There's no there's a, you know, there is a reluctance for public subsidies Oh, right.
Yeah. Yeah. Yeah.
Behind which, you know, which with the with the IRA existed, you know, in spades. It's been taken away. Yeah. There's you know? And then with the affordability crisis, individual state actors, utilities are really concerned about budgets, etcetera. So for us, if we can help solve that problem, that will probably have a much bigger impact on on everything. Because I think we have all the kind of tools we need.
You know, I go talk to utilities.
They know the value of flexibility, But they they're kind of stuck in in many cases because they need to open up a a conversation with the regulator on on how they unlock more funding for this.
And and whilst there's appetite to do that, it take draws everything out, and it takes a long time. And we don't have much time now for for all these different things. So solving that missing money problem, I think, can really flourish flexibility. And and then with flexibility, then then you can put more renewables on. You can electrify more. You can you can you can enable more as well as build more grid. But build more grids prudently.
Don't overbuild.
Don't don't overpromise what you can build and then actually backtrack when you don't have the permit or, you know, the community buy in.
And and so, like, flexibility is not just this niche part of the sector. I think it is the core of the sector if we get this right.
This is this is how the whole thing works.
Yeah. Agreed.
It's funny. It says climate week this week, as you mentioned. I've heard so many people at various events say crazy things like climate is dead, blah blah blah blah. Right? So, yeah, a lot of climate VC got burnt, investing in the wrong things.
Investors felt that that climate metrics were more important than return on capital metrics, which isn't true because that's a very short term thinking because then the capital dries up. So there's loads of reasons why people got burned.
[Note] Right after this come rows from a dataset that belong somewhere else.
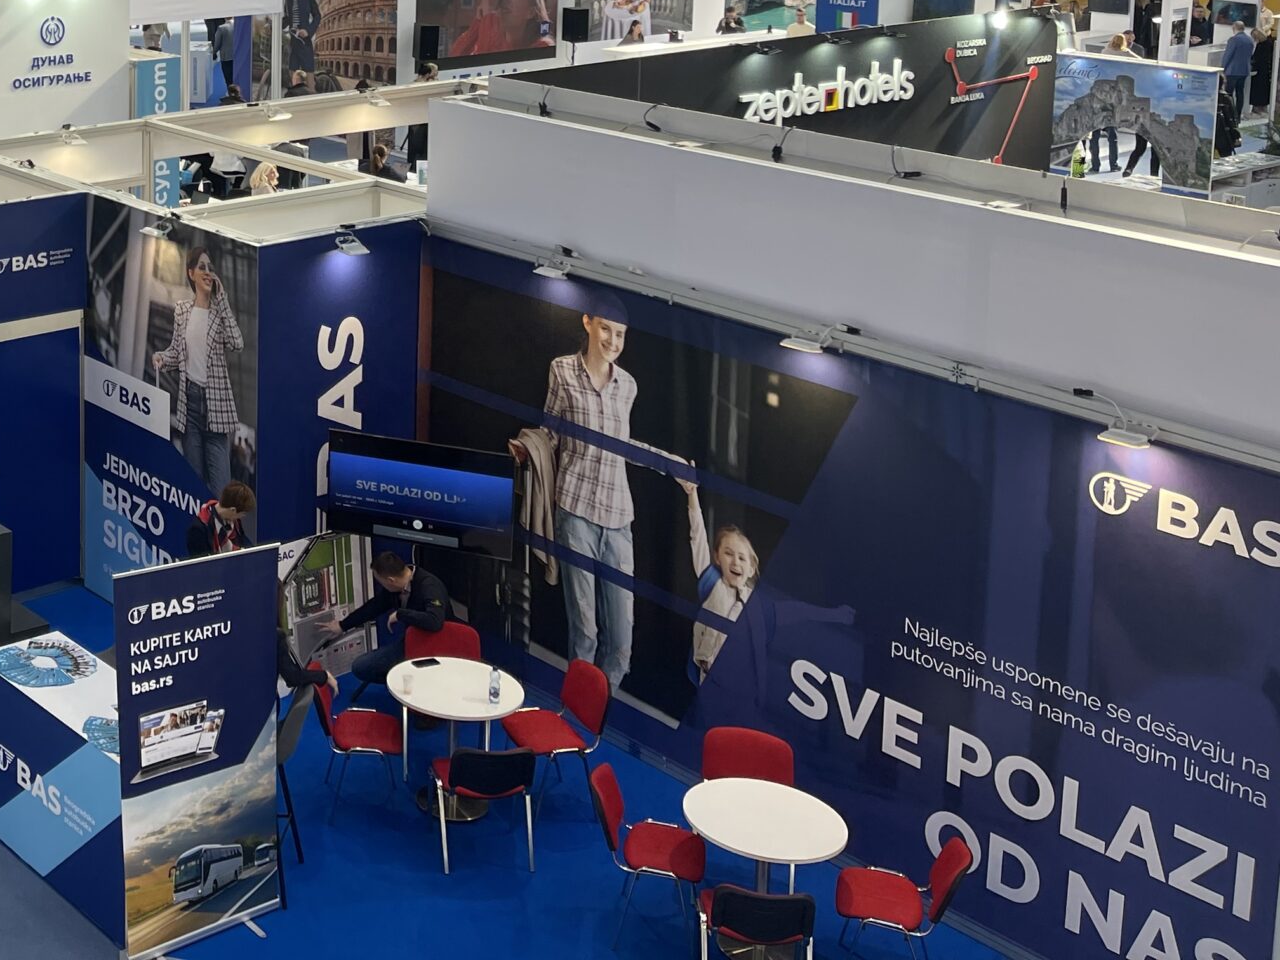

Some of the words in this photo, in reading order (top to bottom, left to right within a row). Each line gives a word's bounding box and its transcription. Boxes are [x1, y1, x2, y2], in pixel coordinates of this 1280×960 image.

[31, 54, 74, 71] ДУНАВ
[1026, 54, 1053, 65] BEOGRAD
[12, 71, 92, 90] ОСИГУРАЊЕ
[12, 251, 48, 272] BAS
[119, 385, 152, 416] BAS
[103, 452, 201, 517] JEDNOSTAVN
[356, 479, 378, 492] SVE
[380, 483, 422, 498] POLAZI
[423, 490, 442, 502] OD
[103, 478, 165, 536] BRZO
[1156, 487, 1280, 569] BAS
[151, 595, 196, 620] BAS
[130, 632, 181, 656] KUPITE
[184, 620, 231, 644] KARTU
[131, 659, 152, 676] NA
[153, 647, 199, 670] SAJTU
[131, 675, 173, 696] bas.rs
[904, 616, 987, 666] Najlepše
[991, 654, 1101, 713] uspomene
[1106, 698, 1132, 724] se
[1136, 710, 1236, 768] dešavaju
[1241, 753, 1271, 781] na
[891, 640, 1006, 701] putovanjima
[1011, 687, 1035, 711] sa
[1038, 701, 1097, 739] nama
[1101, 722, 1177, 773] dragim
[1182, 755, 1268, 808] ljudima
[16, 758, 62, 816] BAS
[787, 658, 924, 770] SVE
[945, 725, 1256, 922] POLAZI
[924, 810, 1041, 905] OD
But I don't think climate's dead at all. I just think that I think companies that made too much for me a lot of the decarbonization thing as if they weren't companies to make profit as well, I think they've got burned because there is you know, this only works if if you get a return on capital.
I mean, our mission at Modo is to make sure that capital gets allocated into the right projects. And we define right as in the ones with the highest return and the best best technologies and quality projects. If we do that, then the outcome of that is decarbonization, and that is one of the biggest impacts we can have. It's like more projects, more more batteries, more solar.
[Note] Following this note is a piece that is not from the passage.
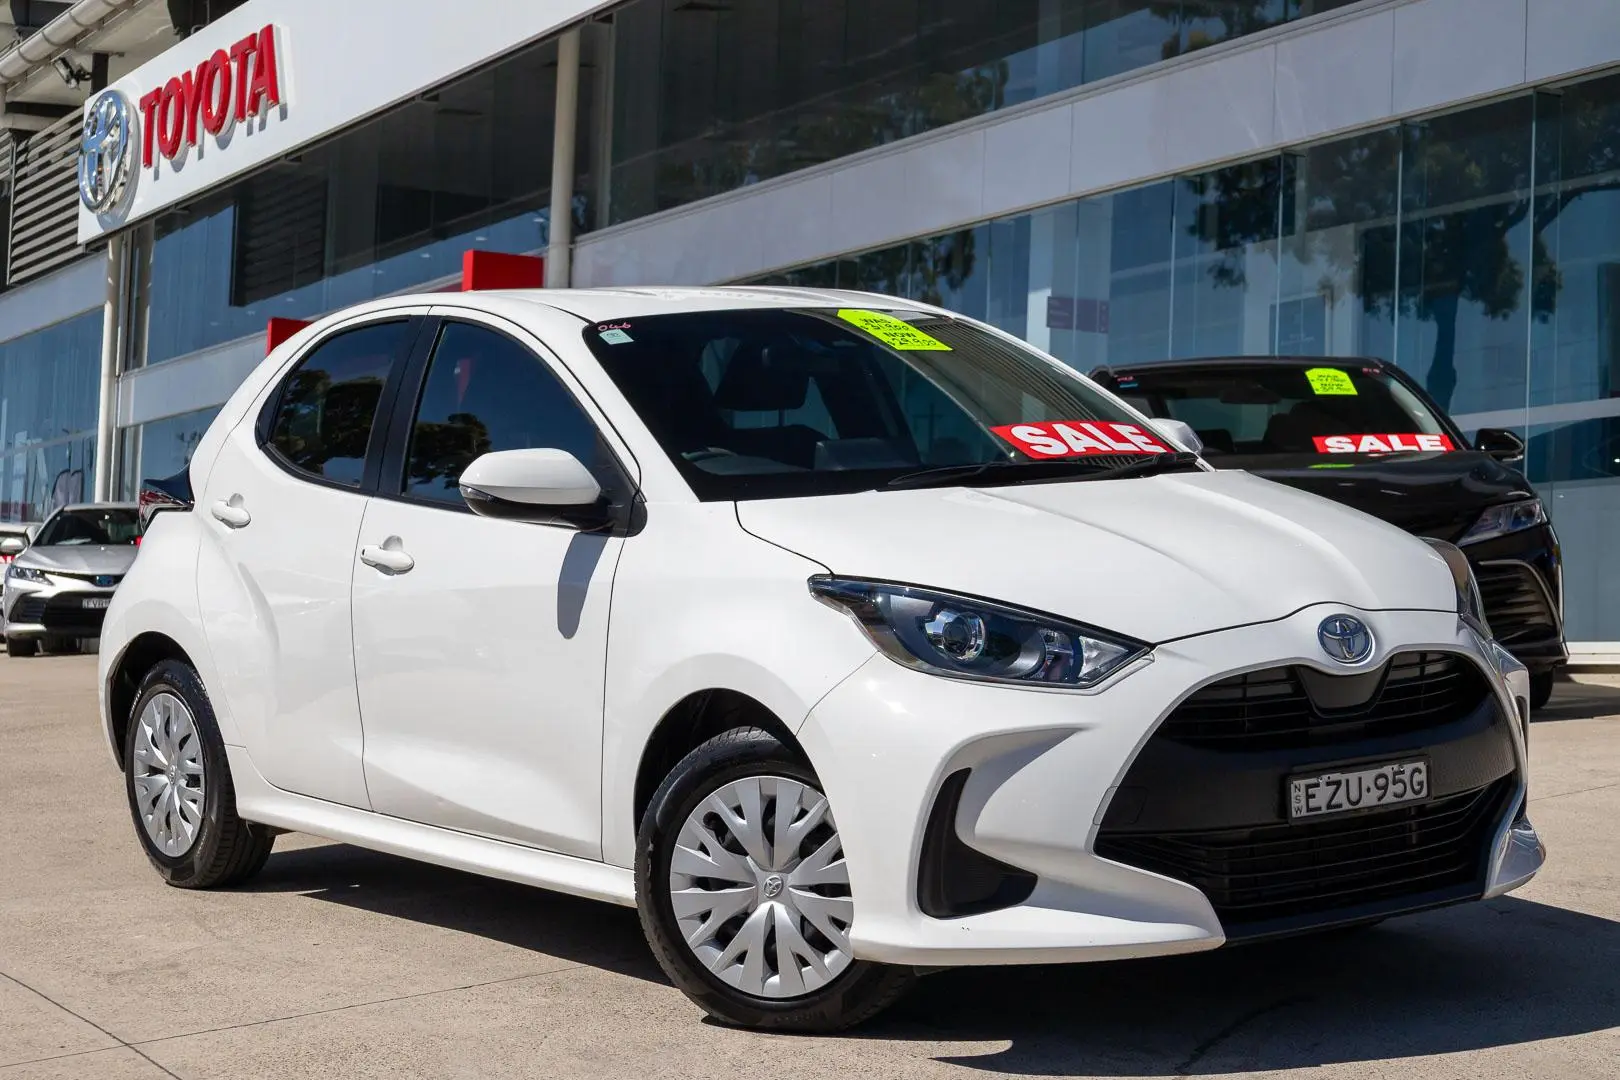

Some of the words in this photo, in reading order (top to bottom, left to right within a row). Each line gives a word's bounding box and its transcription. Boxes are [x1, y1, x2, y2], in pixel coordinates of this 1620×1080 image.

[139, 23, 280, 169] TOYOTA
[1010, 423, 1167, 455] SALE
[1323, 434, 1447, 453] SALE
[1293, 783, 1303, 815] NSW
Know, that is how you actually enact change rather than, you know, slogans on websites. So, yeah. So it's a bit taboo to say, but I agree with you. It feels like there's there's that we're at some sort of impasse where there's some folks in the climate crowd who have gone so hard.
They've got the the thing banging on about climate so long at the cost of other things that now they're having to wonder where their place is in the world. Right?
But I don't think it's dead. I know you didn't say that, but I've heard a few people say, I don't think it's dead. I think there's some rationality back to it, I think that's a good thing long term. Yep. So James, thank you very much for joining us on the podcast.
Thank you very much. Pleasure to be here. I'll come back in another two hundred episodes.
It's awesome to have you on again. Yeah. We'll see you at episode four hundred or or whatever it is. So if you're listening to this and you wanna find out more about Piccolo and their announcement around data centers and all the incredible work they're doing, we're gonna put some links in the show notes so you can head down there and have a look at that. And, of course, you can reach out. James, how do they get you? Twitter, LinkedIn?
I'm on LinkedIn. Yep. You can find me there.
Okay. Yeah. Alright. Thanks again. Alright. Thanks again. Cheers.